That the right-wing blogosphere panned Barack Obama's attempts last night at presidential humor as "lame" and "mean-spirited" comes as no surprise. That conservatives were apoplectic when Wanda Sykes crossed the line in lampooning the Palin family's method failures and likened Rush Limbaugh to a terrorist was even less so.
But to conclude that Saturday's White House Correspondents Dinner proved "class made an exit with the Bush Administration" is to blissfully ignore President Bush's eight-years of joking at the expense of the American people. After all, when he wasn't mocking workers, giggling at the disabled and stereotyping African-Americans, George W. Bush made wisecracks about the prison sentence Scooter Libby never served and the WMD in Iraq he never found.
That humor was a window into Bush's grim soul was apparent even before he entered the Oval Office. Only in mirth did Bush seem to speak the truth. Amid the rubble that is now the American economy, it is worth looking back at how he used the October 2000 Al Smith dinner in New York to shed light on the constituency for his White House agenda:

"This is an impressive crowd - the haves and the have-mores. Some people call you the elites; I call you my base."

As it turns out, Bush's use of humor provides Americans with rare, fleeting glimpses into the dark and twisted character of a man who views with disdain the citizens he was elected to serve. If Presidents Kennedy and Reagan turned to self-deprecating humor to charm the press and disarm critics, in Bush's hands the joke is both a weapon to attack enemies and a shield to fend off accountability. His March 2008 appearance at the Gridiron Club was no exception.
At the supposedly off-the-record event, President Bush turned to parody to again make light of the fiascos, scandals and duplicity that are synonymous with his tenure in the White House. Singing to the tune of "The Green Green Grass of Home," Bush laughed off many of the low-points of his presidency.
In addition to throwing Harriet Miers and Michael Brown under the bus ("like the fuss you made over Harriet and Brownie"), Bush guffawed about the crimes of Scooter Libby and the outing of covert CIA operative Valerie Plame:

Here comes Scooter;
Finally free of the prosecutor.

Even MSNBC'S Chris Matthews, who has repeatedly referred to President Bush and his team as "good guys," was put off. "Nothing funny about a war fought for bad intelligence," he said, "and a top aide, Scooter Libby, who committed perjury and obstruction of justice to cover it up."
Of course, that performance was just the latest installment President Bush's petulance expressed as comedy.

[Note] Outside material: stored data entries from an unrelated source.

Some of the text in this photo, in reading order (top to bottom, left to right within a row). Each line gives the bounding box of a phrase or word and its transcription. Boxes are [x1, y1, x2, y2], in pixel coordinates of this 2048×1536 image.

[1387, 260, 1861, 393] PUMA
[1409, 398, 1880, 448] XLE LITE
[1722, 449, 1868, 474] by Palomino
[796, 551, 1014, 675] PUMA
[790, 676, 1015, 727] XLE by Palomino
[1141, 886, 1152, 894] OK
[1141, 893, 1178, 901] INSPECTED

In 2006, Bush used the Gridiron Club event to poke fun at his Vice President. Bush delighted in Cheney's friendly fire quail hunting accident, declaring of Cheney's middle initial (Richard B. Cheney) that "B. stands for bulls eye." The light-hearted Bush also jokingly scolded the press "Good Lord, you'd thought he shot somebody or something."
The President's ribbing of Cheney, the supposed man behind the throne, extended to Bush's own disastrous mishandling of the Dubai ports deal and his calamitous response to Hurricane Katrina. Bush claimed that it is in fact Lynne Cheney who is the woman behind the man behind the man. Bush went on to the punchline:

"Lynne, I think you're doing a heck of a job. Although I have to say you dropped the ball big time on that Dubai deal."

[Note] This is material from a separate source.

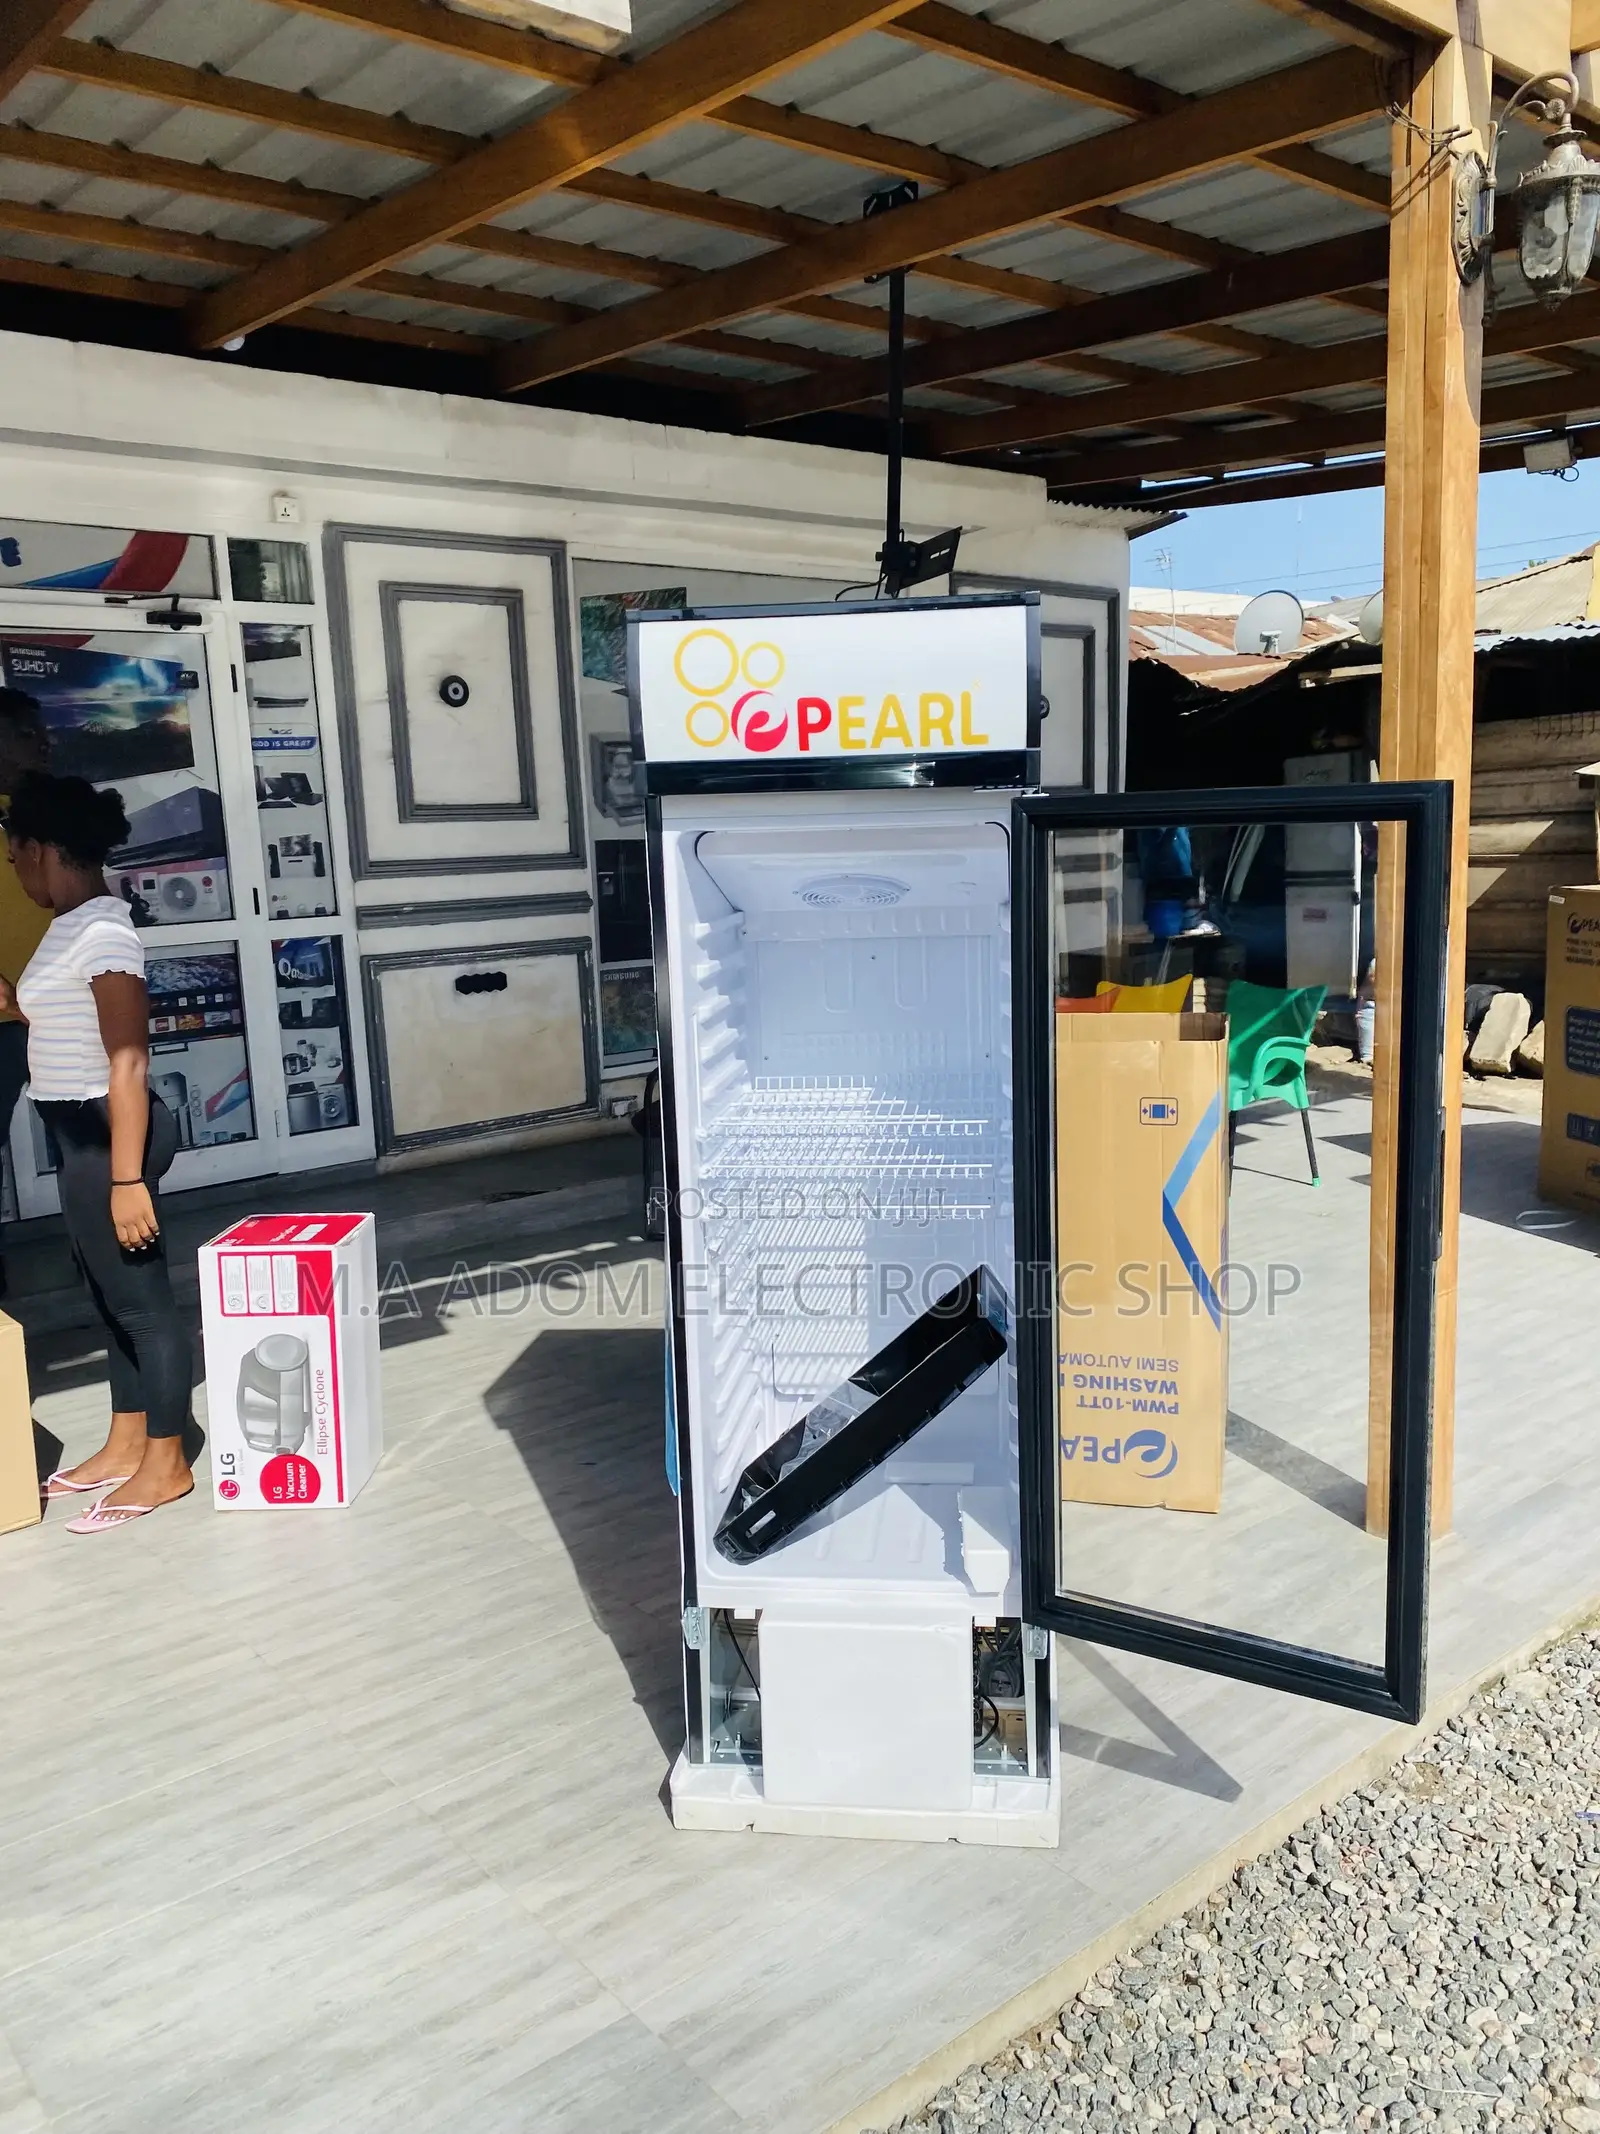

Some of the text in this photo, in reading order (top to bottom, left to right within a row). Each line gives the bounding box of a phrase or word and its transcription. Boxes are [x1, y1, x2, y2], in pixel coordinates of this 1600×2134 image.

Bush's presentation at the 2004 Radio and Television Correspondents Association Dinner also showed his contempt for the truth and the suffering of the American people. His tasteless White House slideshow made light of the lack of weapons of mass destruction in Iraq. Coming one year and hundreds of American dead and wounded after the invasion of Iraq, President Bush the cut-up hoped to regale the audience with his White House hijinx. As David Corn of The Nation reported:

Bush notes he spends "a lot of time on the phone listening to our European allies." Then we see a photo of him on the phone with a finger in his ear. But at one point, Bush showed a photo of himself looking for something out a window in the Oval Office, and he said, "Those weapons of mass destruction have got to be somewhere." The audience laughed. I grimaced. But that wasn't the end of it. After a few more slides, there was a shot of Bush looking under furniture in the Oval Office. "Nope," he said. "No weapons over there." More laughter. Then another picture of Bush searching in his office: "Maybe under here." Laughter again.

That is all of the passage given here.